Very nice story. Yeah, the fate Lilo nearly suffered was indeed worse then death. I sure wouldn't want to live out my existence as a drone. Luckily Stitch managed to rescue her as always. This story could easily have a sequel to it. Maybe Lilo, Stitch, and the others can face fight against an alliance of Species 8472 and the Dominion.

MarkKB on 13 May 2011 @ 11:53 a.m.:

Thanks for the review! (And Jumba deserves some credit, it was his plan!)

I'm not quite done with this story yet. Both crews still have to get home and stuff, and they can hardly let a Borg cube threaten future-Earth like it is. And while Lilo's safe (or more so than before), the effects of being Borg will still, no doubt, linger. (Part of my intention was to show that while Lilo was strong willed, after a week or so even her 'personality' was beginning to crack, and eventually she would have ended up like Seven of Nine if she hadn't been rescued.)

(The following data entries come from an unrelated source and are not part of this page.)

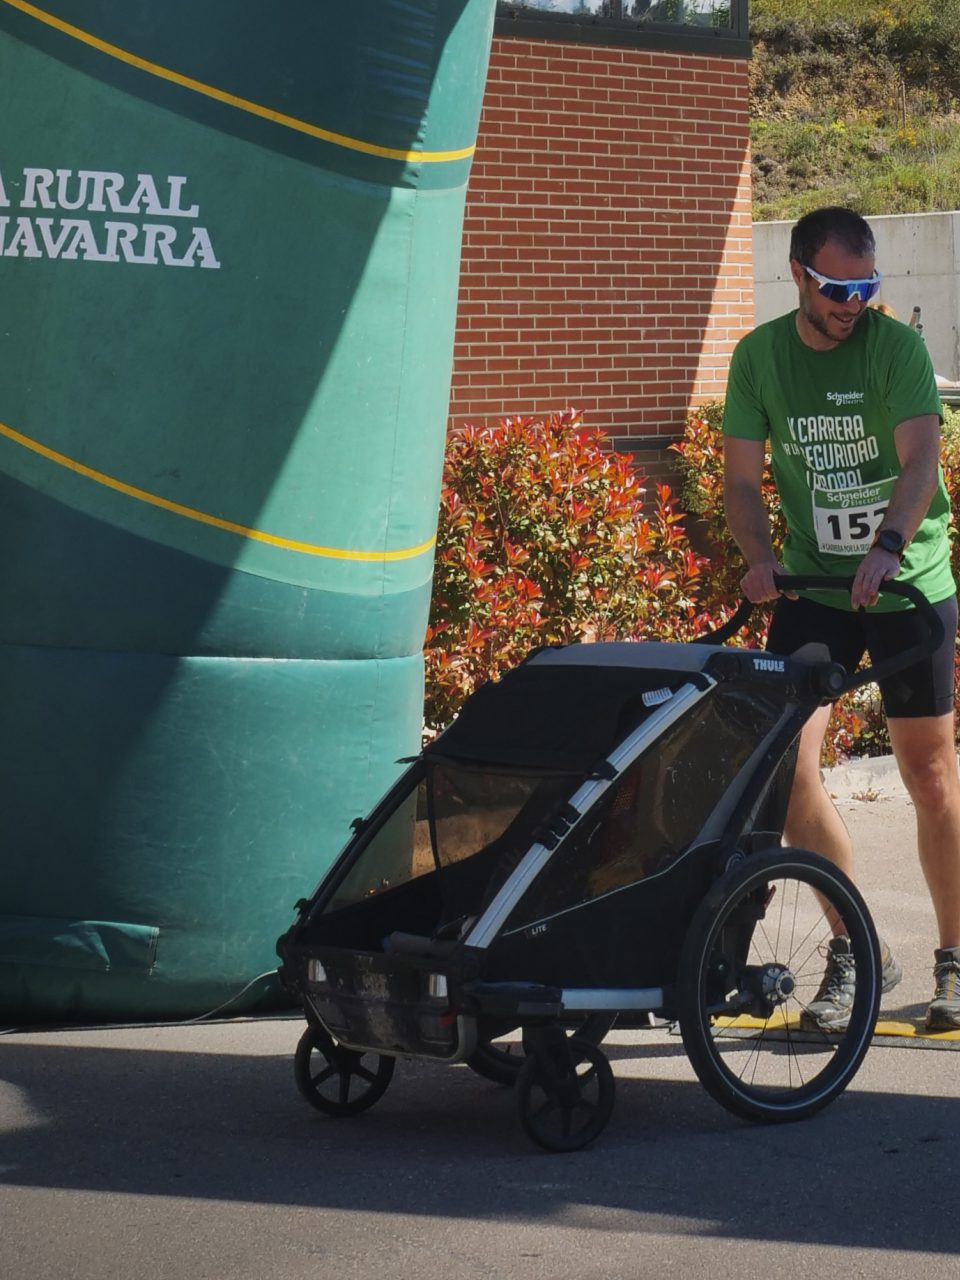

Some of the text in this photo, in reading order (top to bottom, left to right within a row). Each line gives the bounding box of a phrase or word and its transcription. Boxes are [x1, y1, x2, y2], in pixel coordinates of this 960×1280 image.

[20, 168, 199, 218] RURAL
[0, 215, 221, 269] AVARRA
[826, 391, 864, 403] Schneider
[797, 415, 865, 443] CARRERA
[827, 487, 881, 504] Schneider
[753, 658, 785, 672] THULE
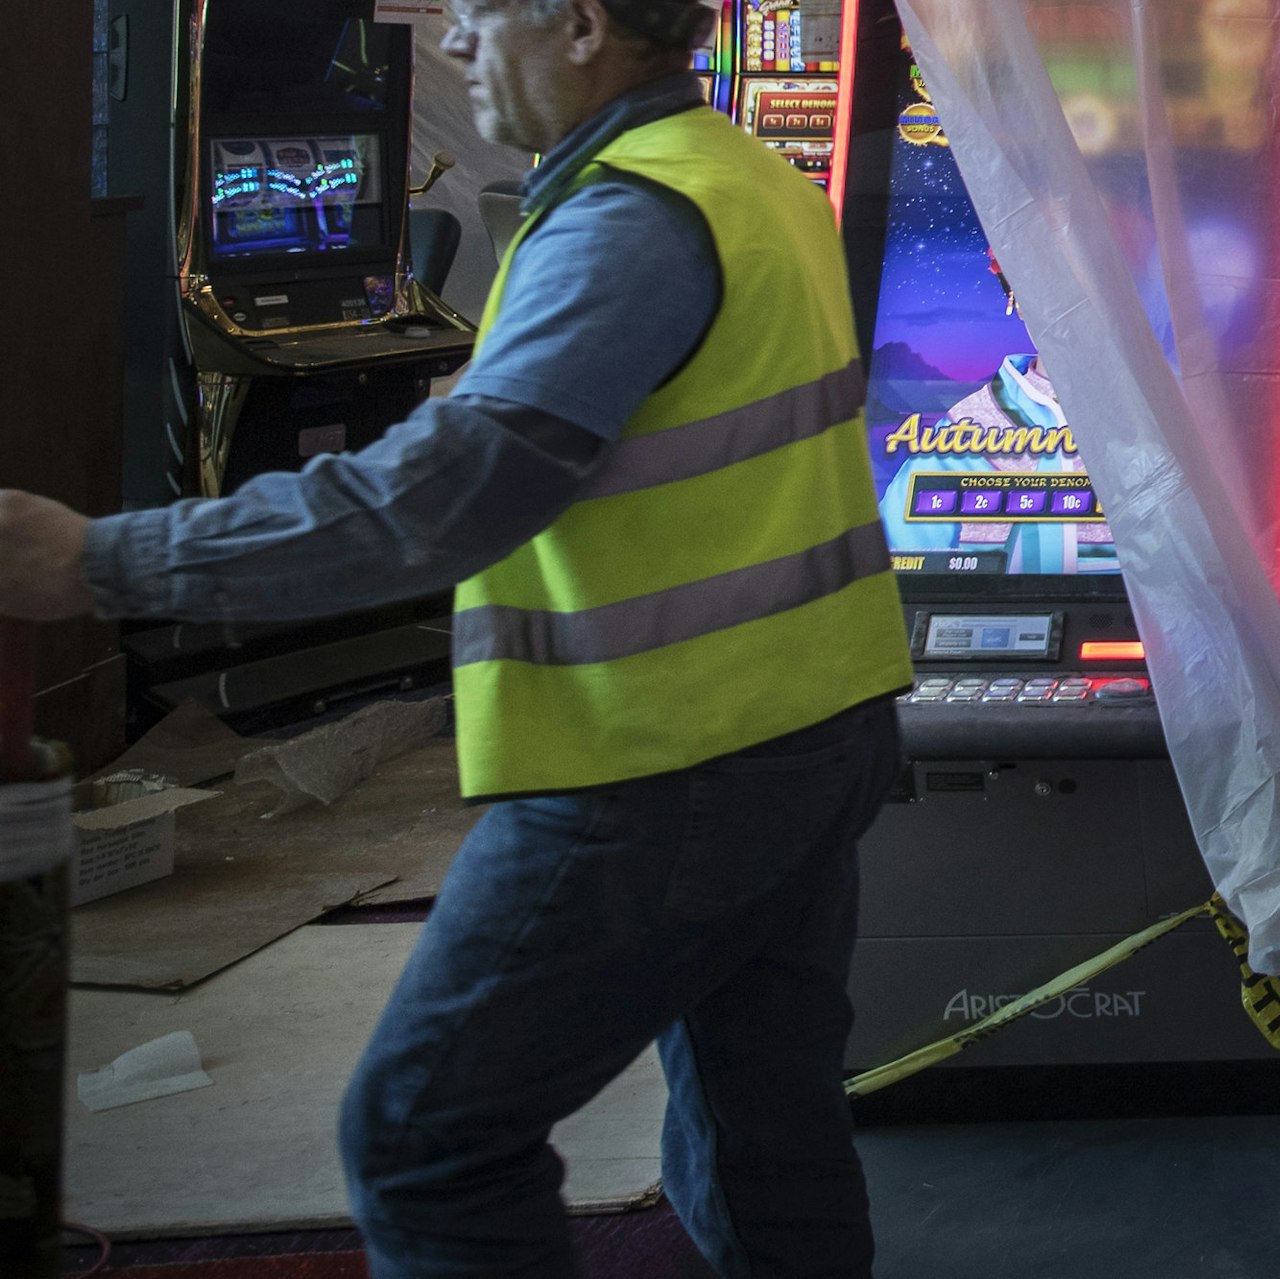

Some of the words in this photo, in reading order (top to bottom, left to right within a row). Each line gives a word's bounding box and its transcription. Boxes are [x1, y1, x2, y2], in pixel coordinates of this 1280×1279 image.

[886, 412, 1078, 454] Autumn
[960, 477, 1011, 487] CHOOSE
[1014, 477, 1047, 487] YOUR
[949, 557, 978, 570] $0.00
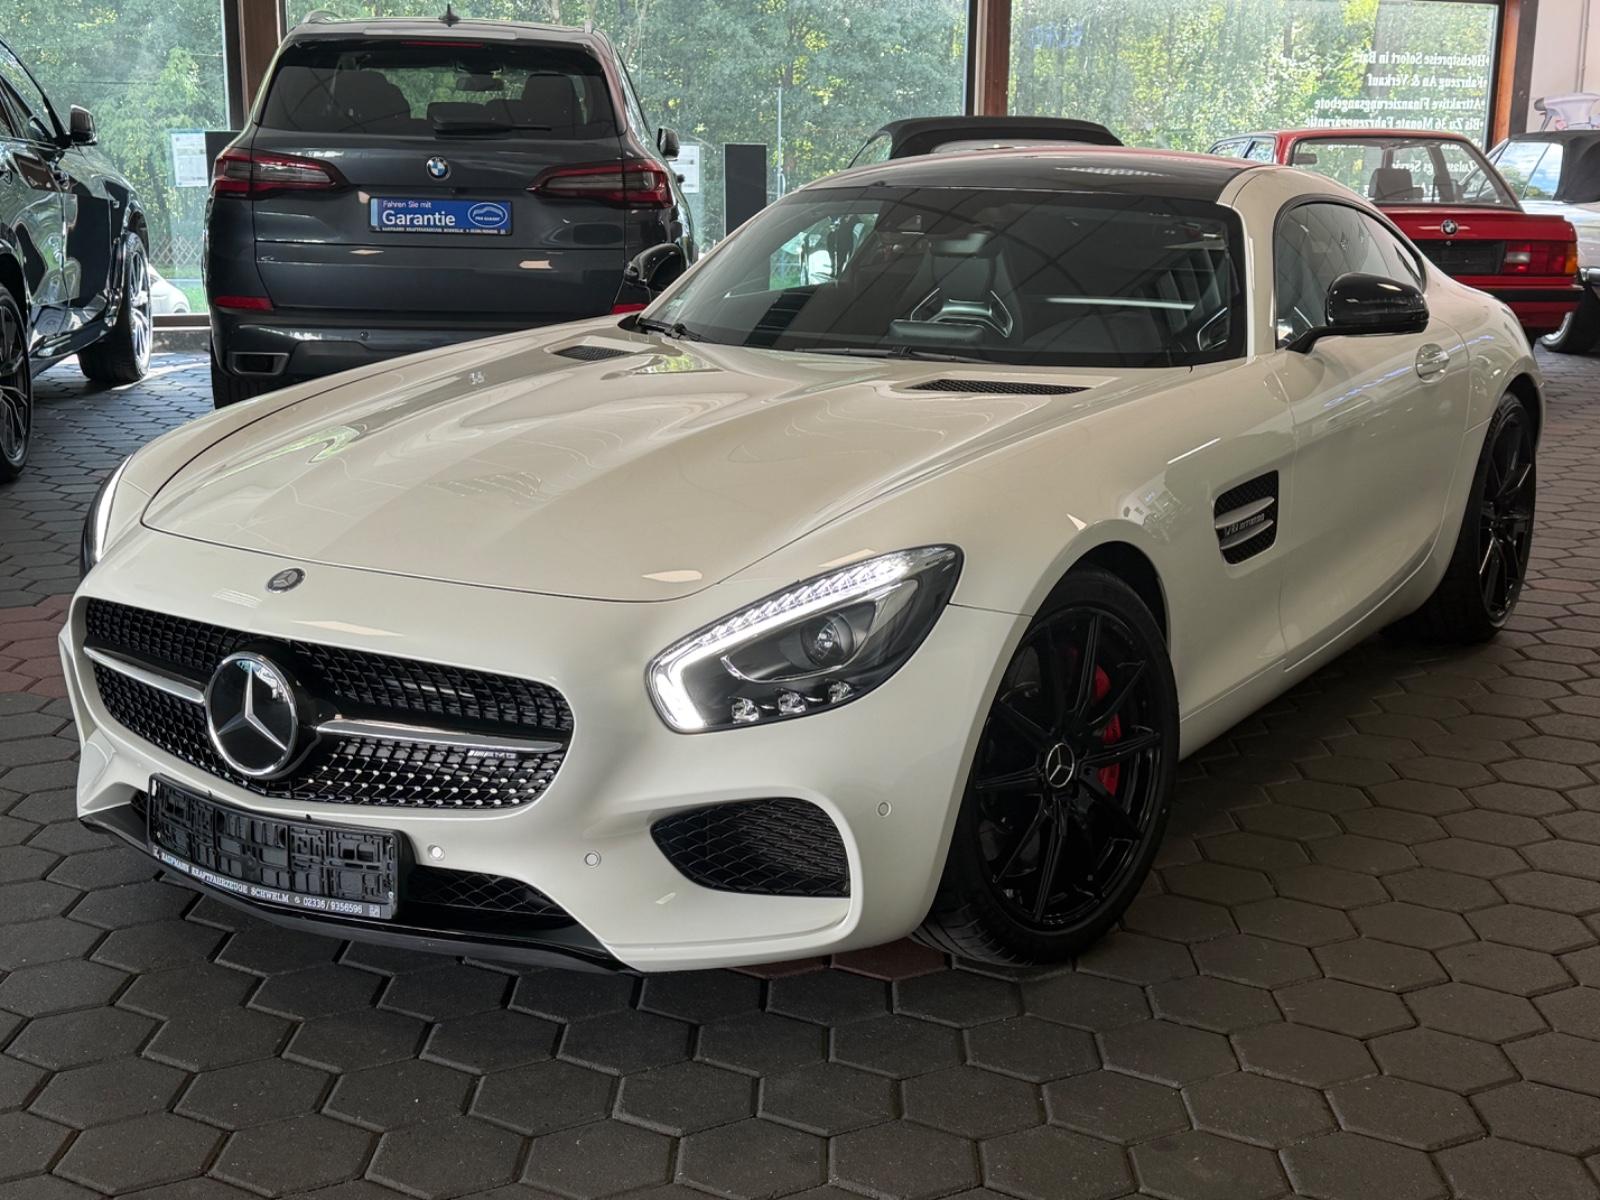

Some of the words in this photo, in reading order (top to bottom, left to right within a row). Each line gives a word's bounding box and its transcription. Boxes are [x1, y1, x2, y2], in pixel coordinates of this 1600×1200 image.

[382, 200, 407, 208] Fahren
[408, 201, 419, 209] Sie
[420, 201, 432, 209] mit
[382, 210, 456, 226] Garantie
[250, 886, 290, 904] SCHWELM
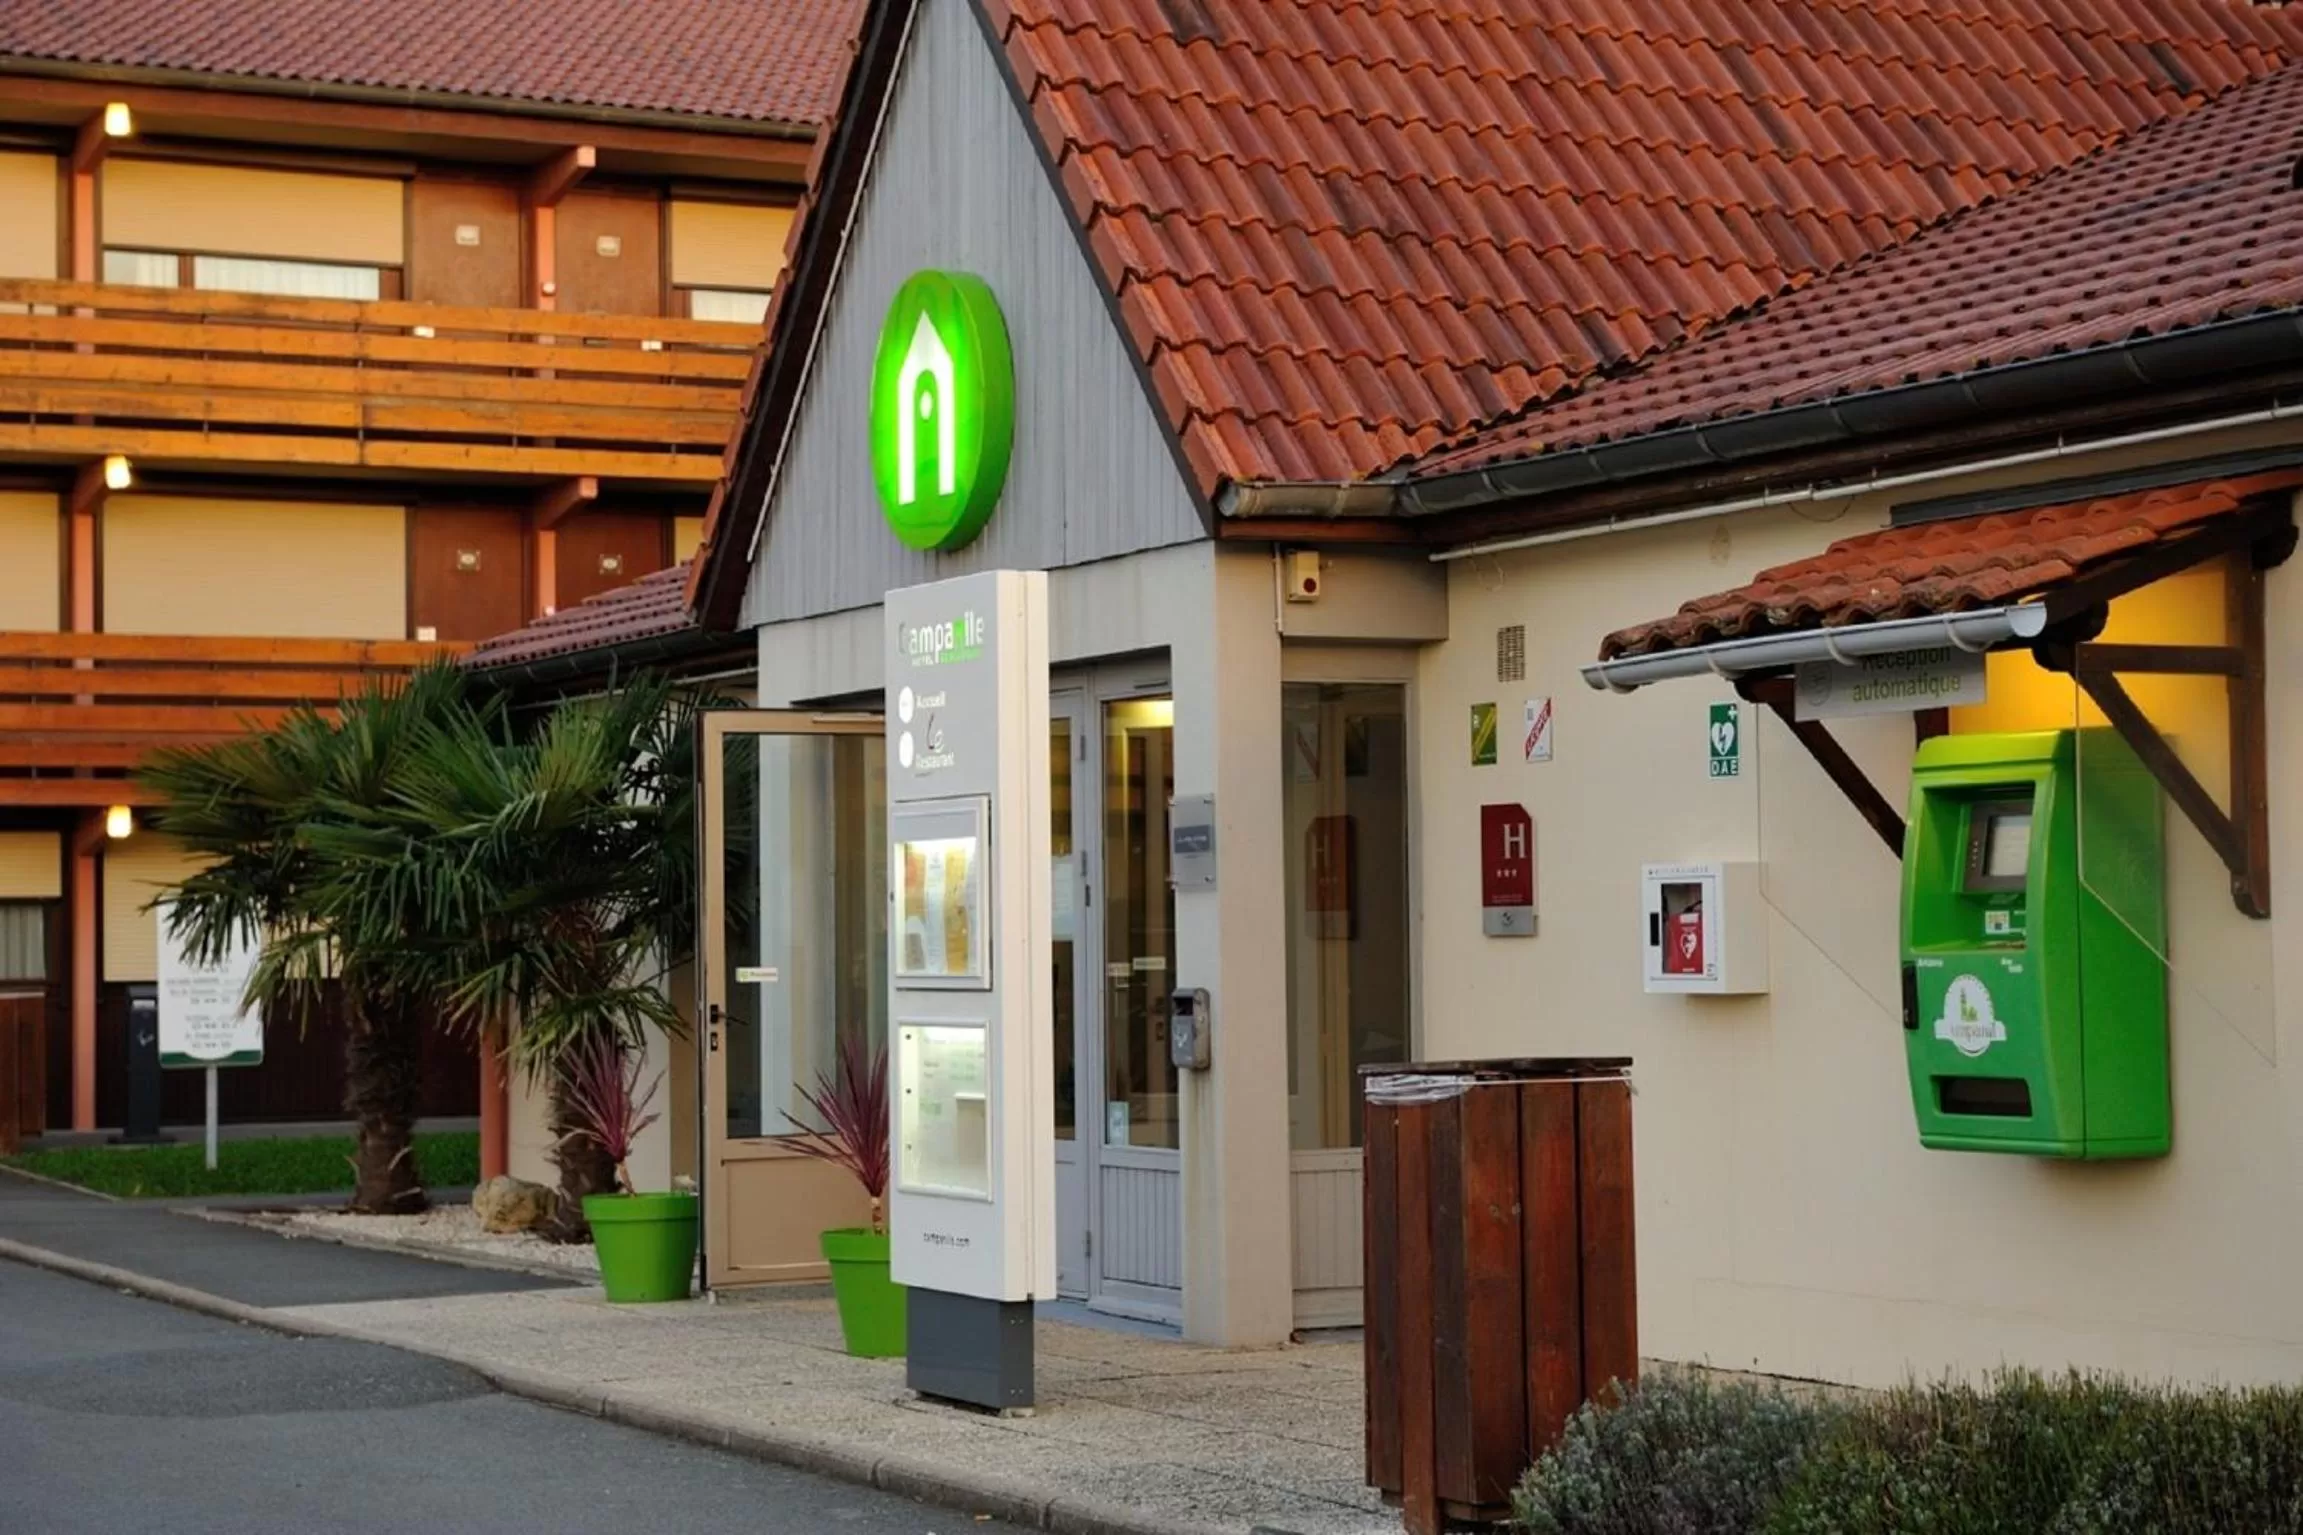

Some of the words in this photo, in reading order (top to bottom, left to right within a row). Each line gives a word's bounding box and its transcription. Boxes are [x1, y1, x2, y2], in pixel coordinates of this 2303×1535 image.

[898, 610, 984, 665] Campaile
[1852, 673, 1961, 702] automatique
[1711, 759, 1737, 775] DAE
[1503, 822, 1525, 859] H

The thing is, I've already got the plot ideas for each story in this series planned out, and none of them as of yet involve either Species 8472 or the Dominion. There's two direct sequels (unplublished because a) spoilers! and b) I've got enough trouble updating five stories on a semi-regular basis as it is, with all the other stuff I do) as well as a bookend set in the near future. There's also a bunch of 'side stories' set in the same universe, some of which I do have up (Lilo & Stitch Go To Japan and Aliens, for example.) And I'm also in the process of rewriting this story, since I'm not too fond of some of the earlier parts (they were written a few years back, when I was... not so skilled at writing), but I want to finish this version so I have a complete baseline to work off of.

However, if you want to write a story about L&S and the Dominion or fluidic space or the Xindi or whatever, be my guest! I mean, I'd hate to be the only one writing about the two franchises, especially since they're rather compatible. (Although if you didn't have the time, I'd very much understand.)